Ce personnage s’est enrôlé dans la drogue comme il s’est enrôlé dans l’armée. Ca l’a vite saisi ! Et il nous raconte tout ça avec son langage de jeune drogué, un langage bien familier, bien cru. Et c’est là que je tique un peu. Les romans noirs, sombres, glauques, j’aime ça, c’est ma came, c’est mon moteur. Les fins tragiques, pessimistes, avec bien peu d’espoir, j’aime ça aussi. Le langage cru, familier, ne me gêne pas, sauf… quand ça envahit les pages, que ça les noircit tellement qu’on aimerait parfois une petite phrase bien tournée, bien poétique, un truc qui claque mais sans « fuck ». Heureusement, il y en a, et surtout dans la dernière partie, celle qui décrit sa vie de drogué, son retour placé sous le signe de l’héroïne. D’ailleurs, c’est ma partie préférée. Parce que dans la partie en Irak, j’ai eu l’impression de tourner en rond, d’entendre toujours la même musique avec des officiers qui beuglent genre Full metal jacket et j’avoue que j’ai parfois été agacée et soûlée.

Et pourtant, paradoxalement, j’ai aimé suivre ce narrateur, j’ai aimé reprendre mon livre et me replonger la tête dans la mouise. Il m’a bien eu, en fait, ce petit jeune. Son récit est très visuel, on s’y croirait, il nous parle vrai, authentique, sans langue de bois, il nous parle brut. Et du coup, il nous dit des tas de choses bien pessimistes sur l’Amérique et sur la façon qu’elle a de gérer ses jeunes soldats rentrés d’une zone de guerre où ils ont vécu le pire. Les « fucking » dialogues sonnent très justes tellement ils sont réels mais ils sont un peu trop redondants. Le roman m’a percutée, dérangée, exaspérée mais aussi puissamment marquée. C’est en cela qu’il est réussi.

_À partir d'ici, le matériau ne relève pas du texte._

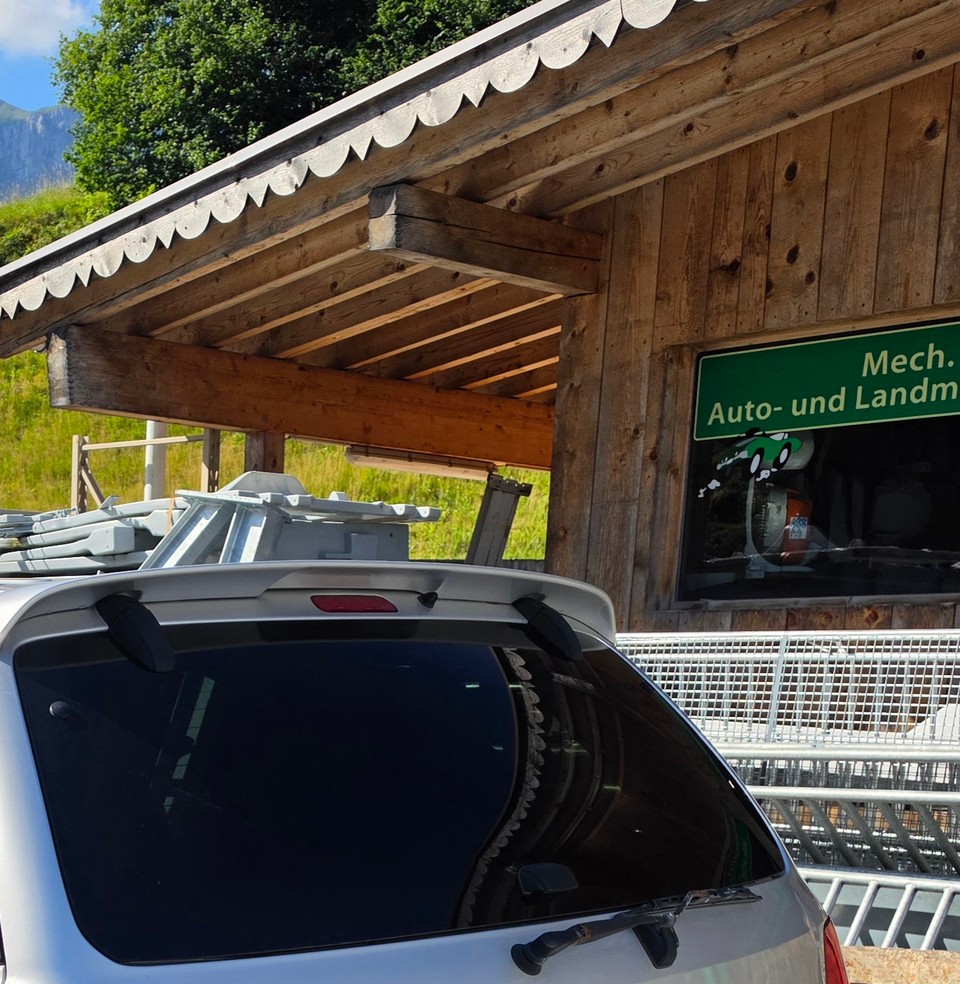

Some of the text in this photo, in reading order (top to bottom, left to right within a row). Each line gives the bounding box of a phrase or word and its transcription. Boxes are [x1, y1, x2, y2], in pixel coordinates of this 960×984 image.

Roman d’amour mais aussi sur le sexe, ce mec-là ne fait pas l’amour, il baise, roman sur la mort, roman sur l’absurdité de la guerre, roman sur l’aliénation causée par la drogue. Et finalement roman qui est en lui-même une note d’espoir, celle d’un écrivain en puissance qui a transformé son enfermement en une explosion créative.

Ce roman a été très apprécié par Jérôme, Electra et Marie-Claude.